Decoration of the United States military

The Mexican Border Service Medal or Mexican Border Defense Medal was a U.S. service medal established by an Act of Congress on July 9, 1918. It was initially awarded for service on the border between May 9, 1916 and March 24, 1917. Additionally, recipients included those who performed duty with the Mexican Border Patrol between January 1, 1916 and April 6, 1917. This should not be confused with the Mexican Border Defense Medal (MBDM), a different service medal authorized in 2025 for service on the Mexico-United States border bearing the same design.

==History==
The Mexican Border Service Medal recognized military service members who were assigned to the U.S.-Mexico border when the United States was engaged in the Pancho Villa Expedition, a military operation conducted against the paramilitary forces of Francisco "Pancho" Villa during the Mexican Revolution.
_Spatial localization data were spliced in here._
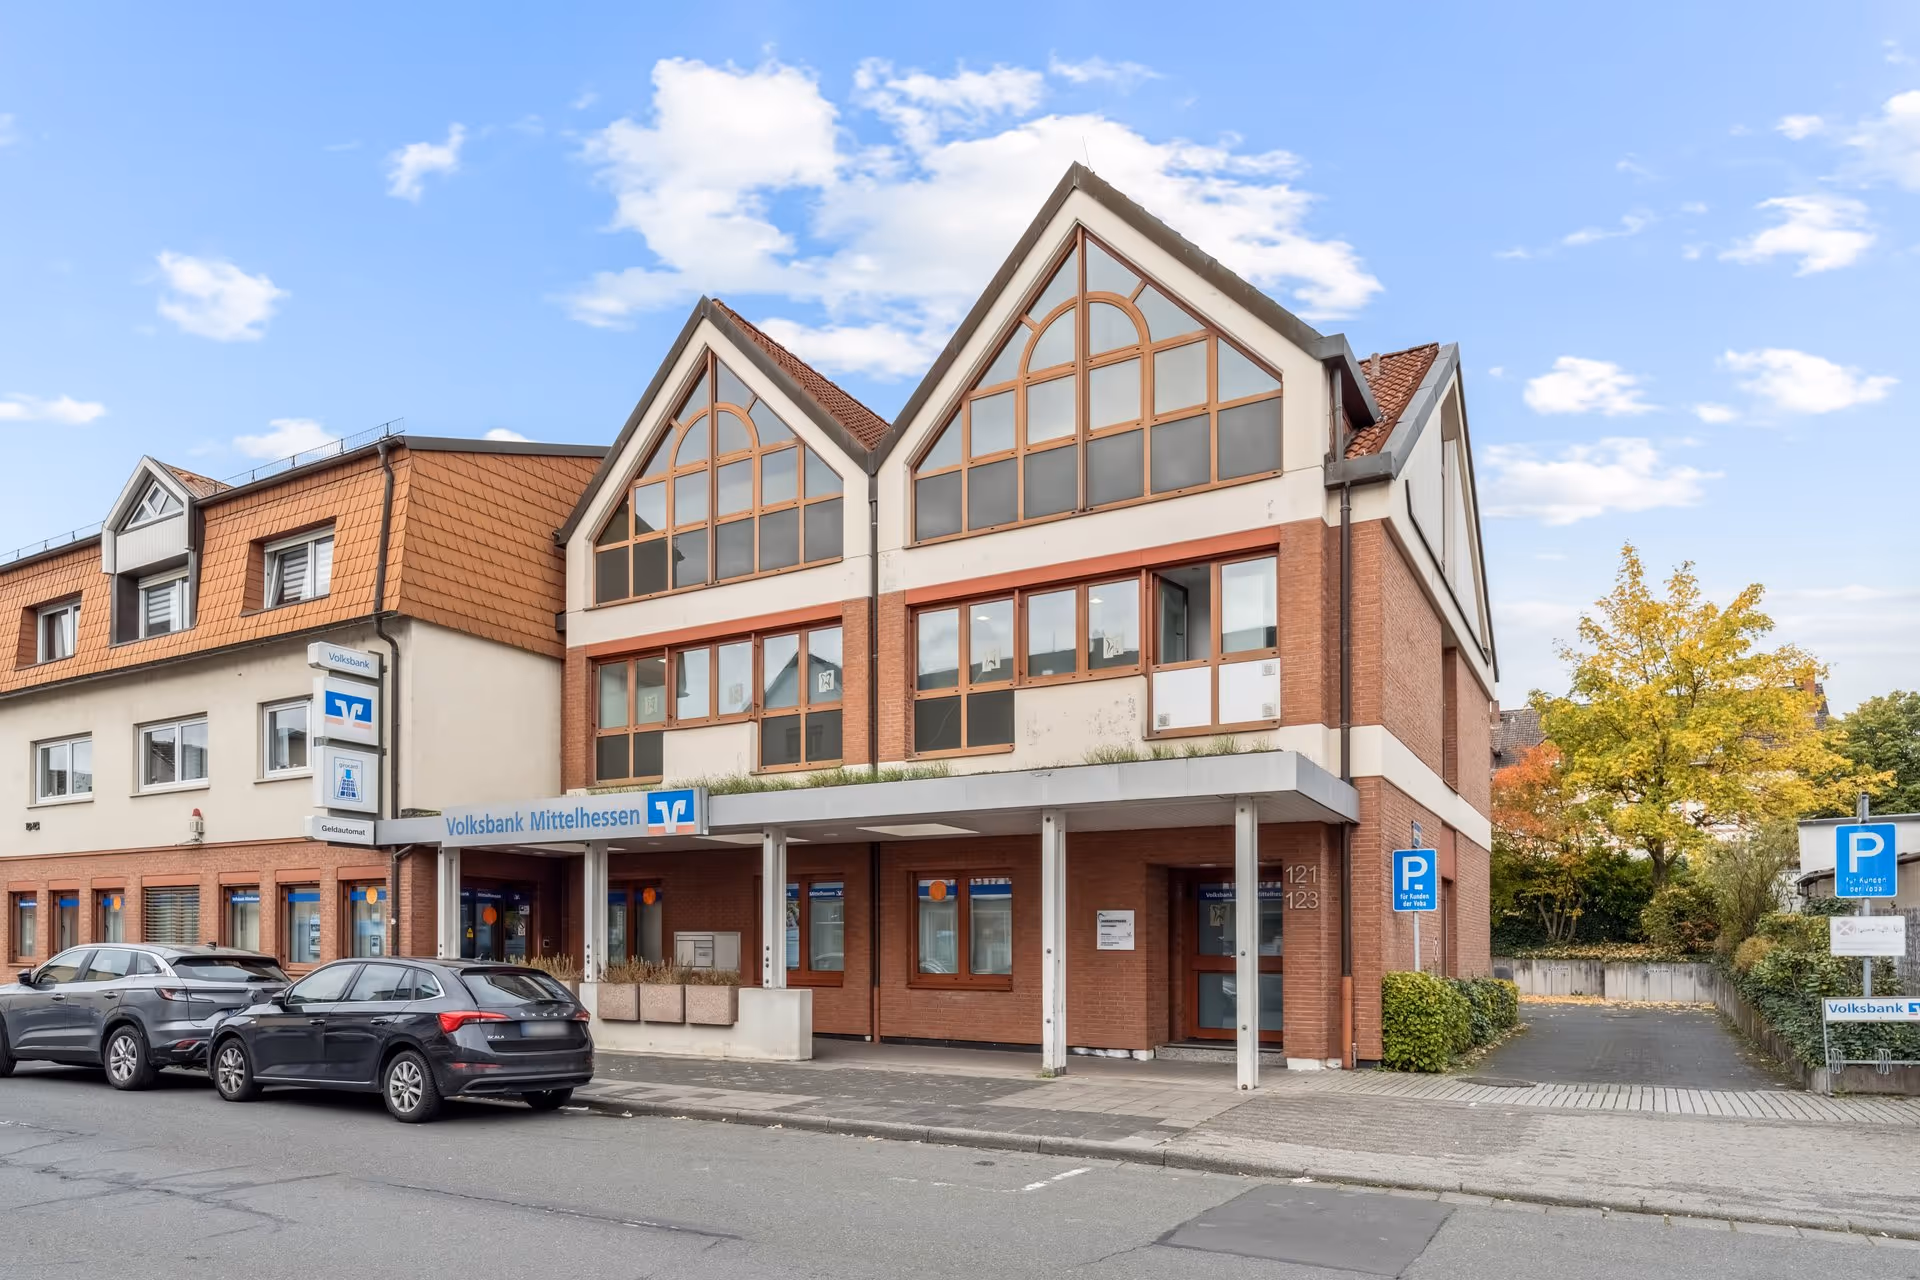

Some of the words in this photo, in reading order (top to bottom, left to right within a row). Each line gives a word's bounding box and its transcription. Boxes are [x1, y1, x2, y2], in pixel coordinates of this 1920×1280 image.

[328, 651, 370, 669] Volksbank
[321, 824, 366, 836] Geldautomat
[445, 811, 524, 836] Volksbank
[530, 806, 640, 832] Mittelhessen
[1849, 832, 1884, 873] P
[1285, 865, 1318, 884] 121
[1402, 856, 1428, 891] P
[1285, 890, 1319, 910] 123
[1828, 1002, 1904, 1014] Volksbank
The U.S.-Mexico border was a potential location for a German-funded invasion by Mexico, which was exposed by British interception of the Zimmermann telegram, a communication that detailed Germany's proposal for Mexico to ally with Germany if the United States entered World War I.
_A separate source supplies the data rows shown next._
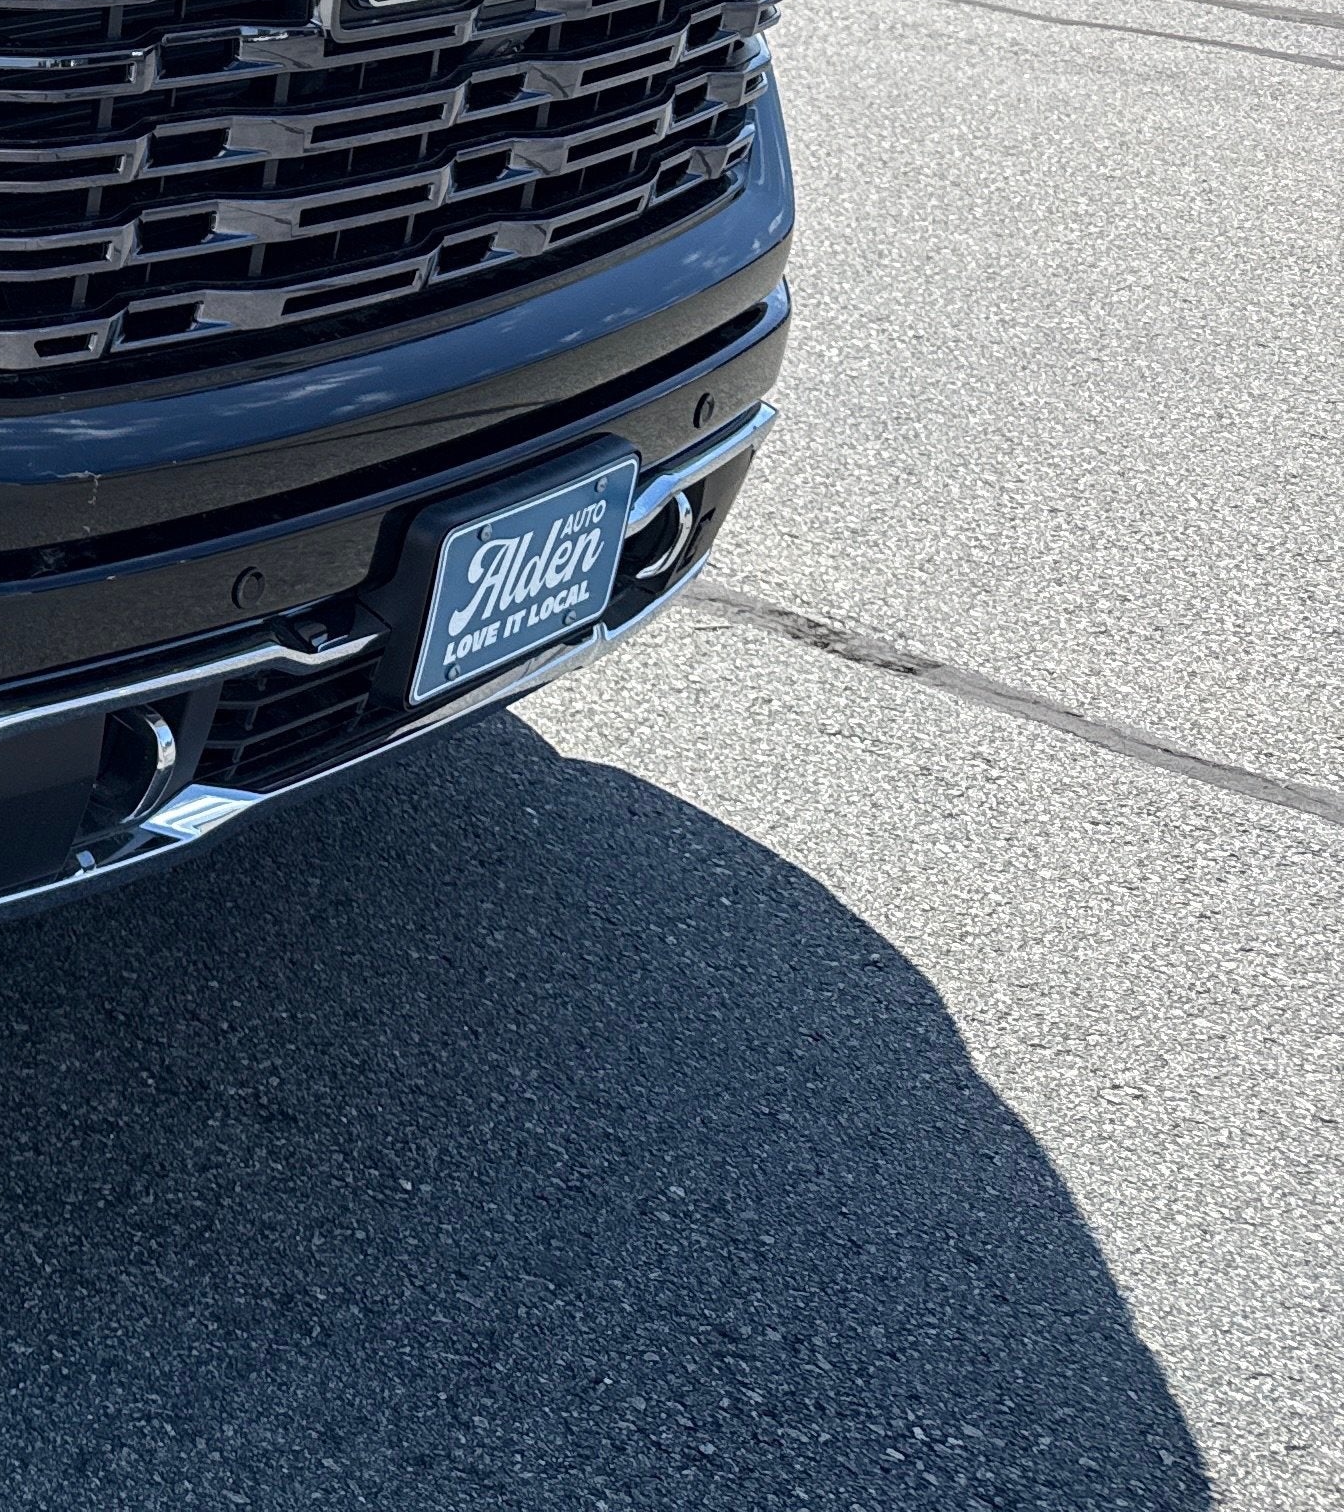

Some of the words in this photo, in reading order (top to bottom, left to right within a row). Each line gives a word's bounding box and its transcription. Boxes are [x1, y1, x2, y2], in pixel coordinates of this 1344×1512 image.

[560, 499, 607, 540] AUTO
[447, 518, 606, 636] Alden
[443, 621, 500, 666] LOVE
[503, 613, 528, 639] IT
[528, 580, 590, 625] LOCAL
Those who received the Mexican Service Medal were not eligible for the Mexican Border Service Medal. The first recipient was Major General Charles M. Clement of Pennsylvania, in recognition of his status as the longest-tenured National Guard officer eligible for the award at the time it was authorized. Congress created a similar award for members of the Texas National Guard who served on the border between December 8, 1917 to November 11, 1918, the Texas Cavalry Medal.

==Description==
As approved by the U.S. Congress:

The medal of bronze is 1 1/4 inches in diameter. On the obverse is a sheathed Roman sword hanging on a tablet on which is inscribed For service on the Mexican border. The tablet is surrounded by a wreath. The reverse is the same as that of the Spanish War Service Medal. The medal is suspended by a ring from a silk moire ribbon 1 3/8 inches in length and 1 3/8 inches in width composed of a green band (7/16 inch), yellow band (1/2 inch), and green band (7/16 inch).